# Two Pups at Once?



## Ruin (Nov 9, 2011)

Hi Again VF,

The Mrs. and I are still looking to get our first V in mid to late January and are awaiting word from a prospective litter. Today we had a talk and thought, hey, why not two? A brother and a sister, a his and hers if you will.

Do any of you have experience with two pups at once? Same age, same litter or not? Just curious of what you all think of having them together. I have more questions once I get some replies! 

Ruin


----------



## redbirddog (Apr 23, 2010)

Ruin,

What I would ask is. If the Mrs. told you, "honey, the doctor tells us we are going to have twins." How would that go? I have friends that have pulled this off. Ours are 10 months apart but different as night and day.
Choosing what you want to do with your Vizsla(s) will have a lot to do with the choices you make.

RBD


----------



## luv2laugh (Oct 6, 2011)

Hi there!

When we got cats, they recommended we get two so that they can play together. They said it decreases negative destructive behaviors like scratching the couch, biting wires, etc. because they can scratch/bite each other as they were really made to do. It also gives them company while we are at work and even now with the introduction of a new dog, they are not going through it alone, but have each other.

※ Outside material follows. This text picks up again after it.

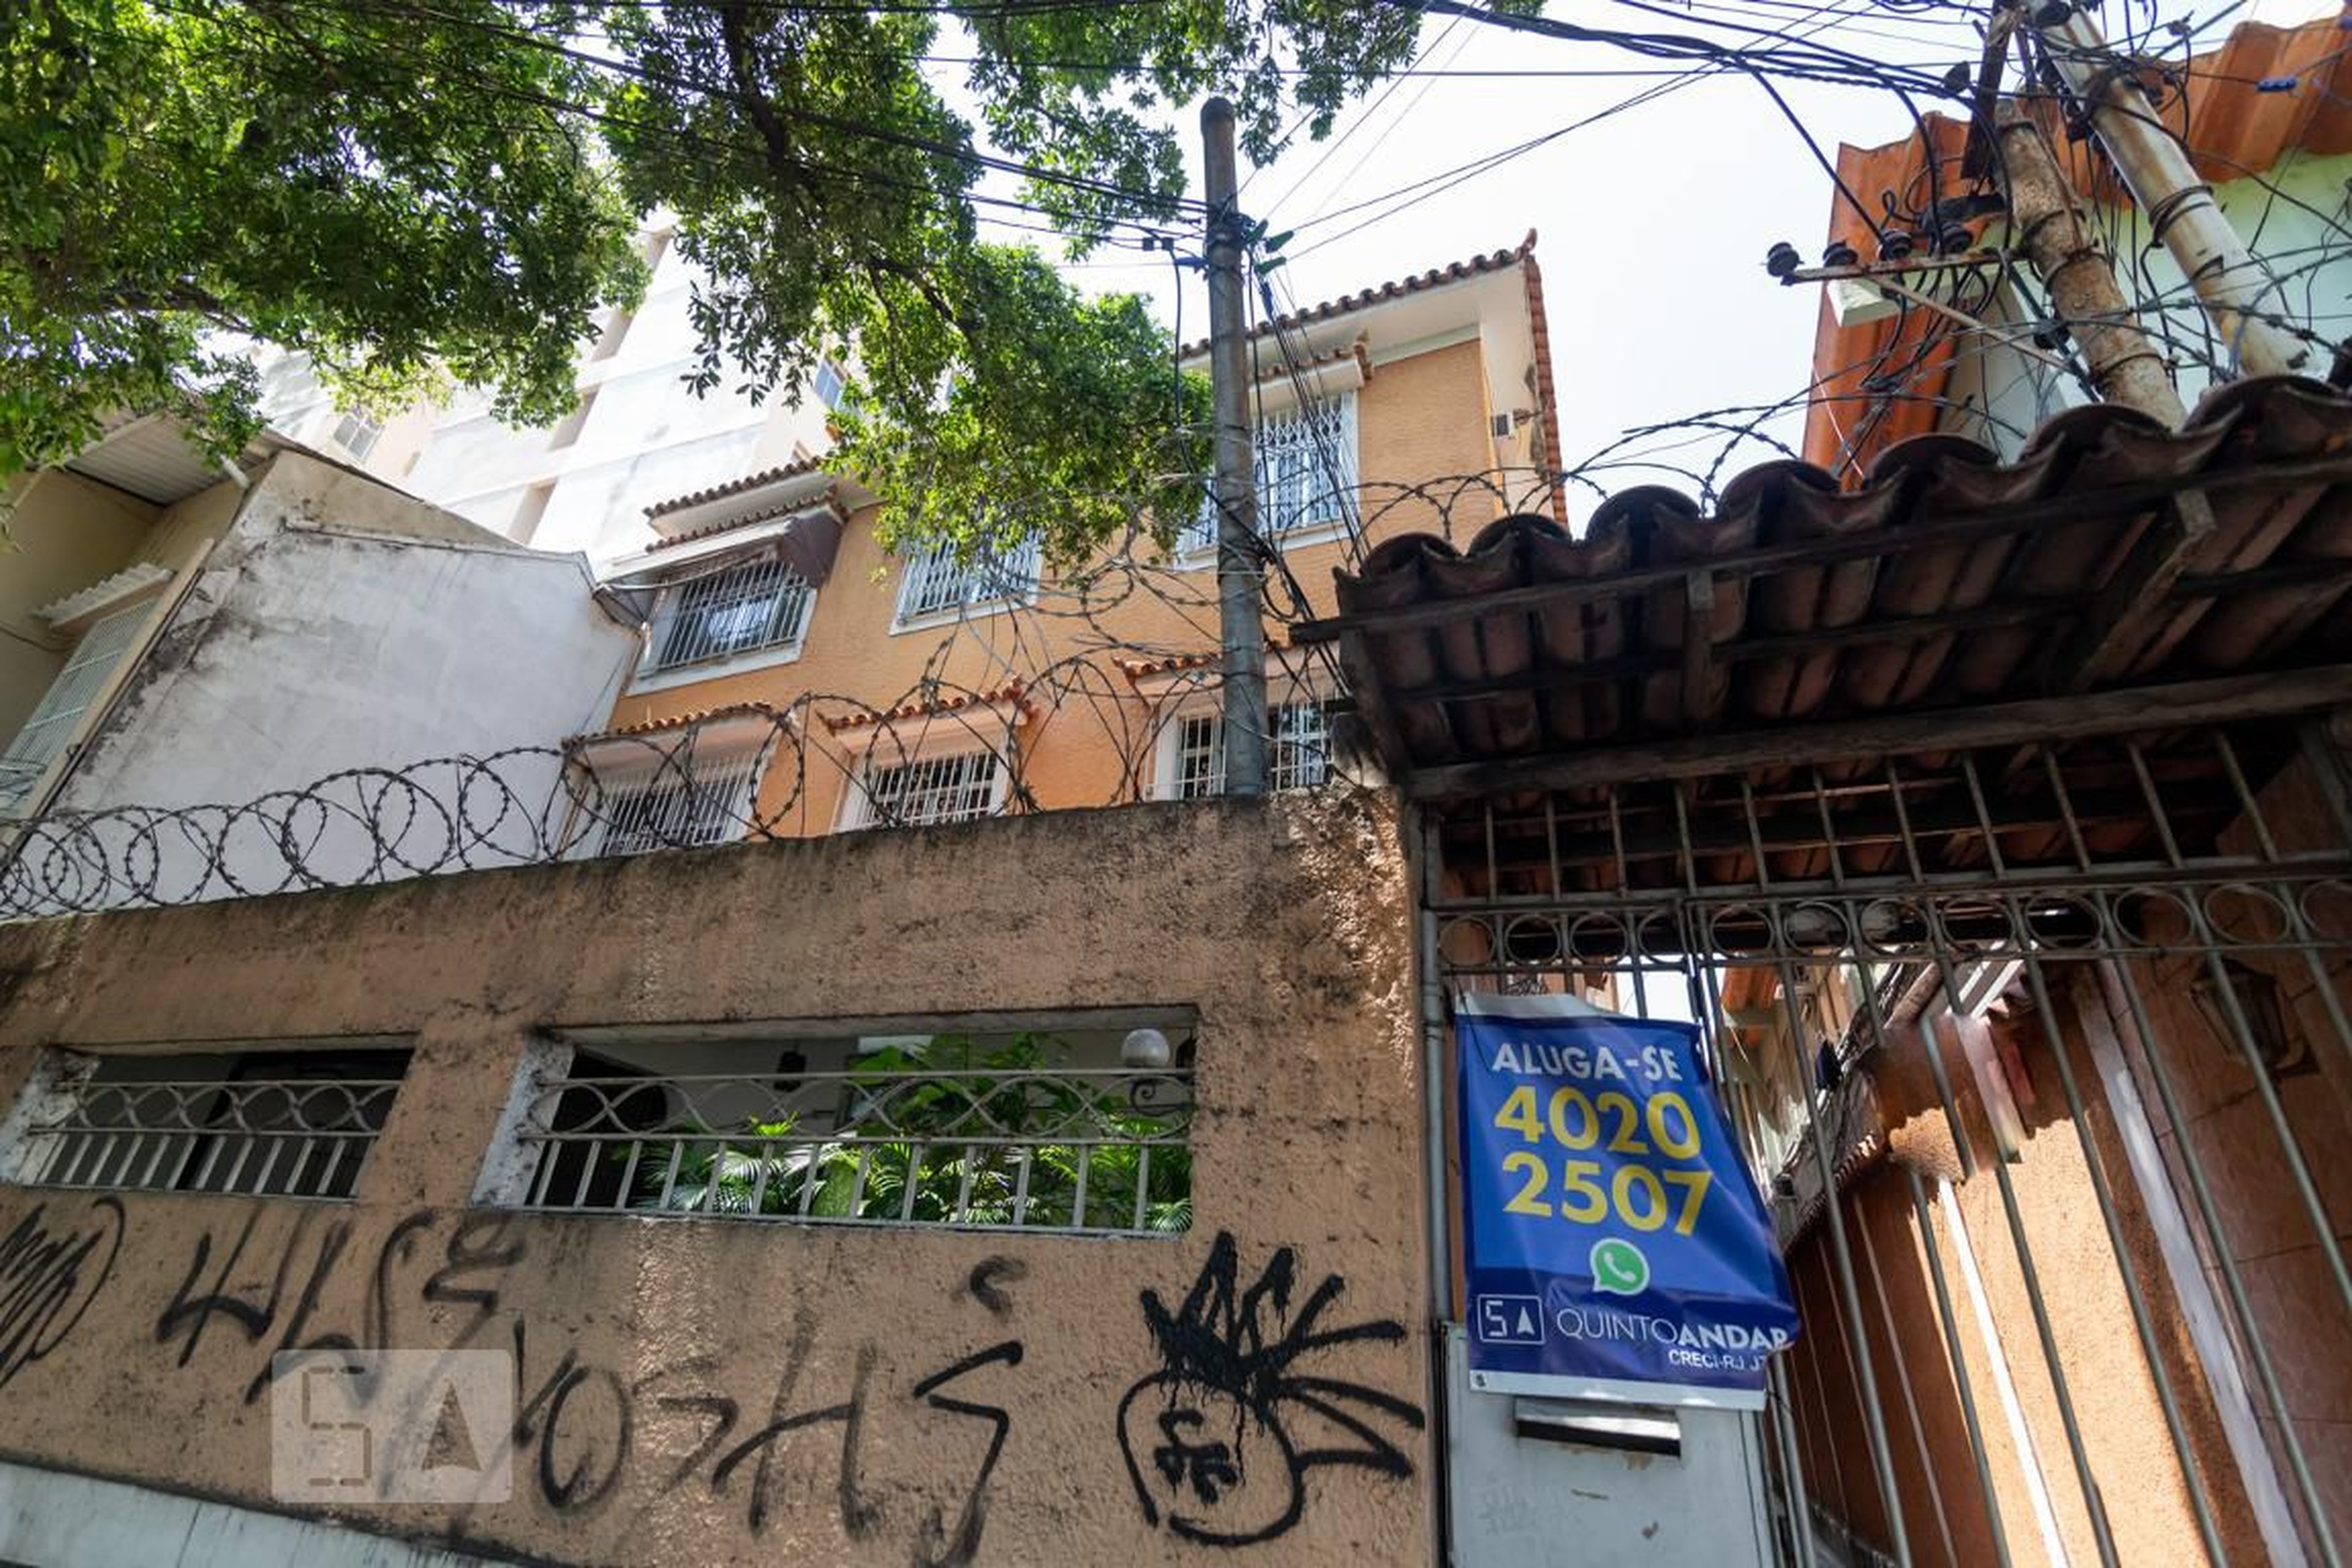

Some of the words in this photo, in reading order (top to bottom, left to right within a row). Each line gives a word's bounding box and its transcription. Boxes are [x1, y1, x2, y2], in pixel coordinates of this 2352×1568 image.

That was one of my favorite decisions I made with the cats and a question I asked before we got Oso as well. 

The breeder I initially asked was not the breeder we purchased from. She gave me sooo much information and loved the breed. Her name is Karen Lake, this was her response.. She has a very strong point of view.

_However, I wanted to send a reply to your question about getting two Vizsla puppies. Firstly, Vizslas mature later than other breeds which means puppy-hood often goes through age three (IF they ever grow up). I do not recommend, or endorse getting another puppy until the first is a minimum of 24 mos. old, even then age 3-5 is probably better. One Vizsla puppy will be very demanding of your time and energy as it is. I require our owners to attend puppy/basic obedience classes and for the puppy to have the one on one time it needs to be properly socialized and trained. A Vizsla puppy need to be raised following the Rules of Hundreds, which means they must meet 100 people in the first 100 days they are home (people of all sizes, shapes, ages, wearing hats, etc). This needs to start the second the puppy comes home. Vizslas require A LOT of socialization, much more than other breeds. Completing these tasks are not possible with two puppies. Puppy owners need to dedicate the time and energy to raise our puppies to these high standards, not expect two puppies to entertain each other/raise each other. I believe getting two is a lazy way to raise puppies, i.e. letting them entertain each other/raise each other. This book is an excellent source of information on raising and training a puppy the right way, and I highly recommend it: My Smart Puppy: Fun, Effective, and Easy Puppy Training (Wilson/Kilcommons)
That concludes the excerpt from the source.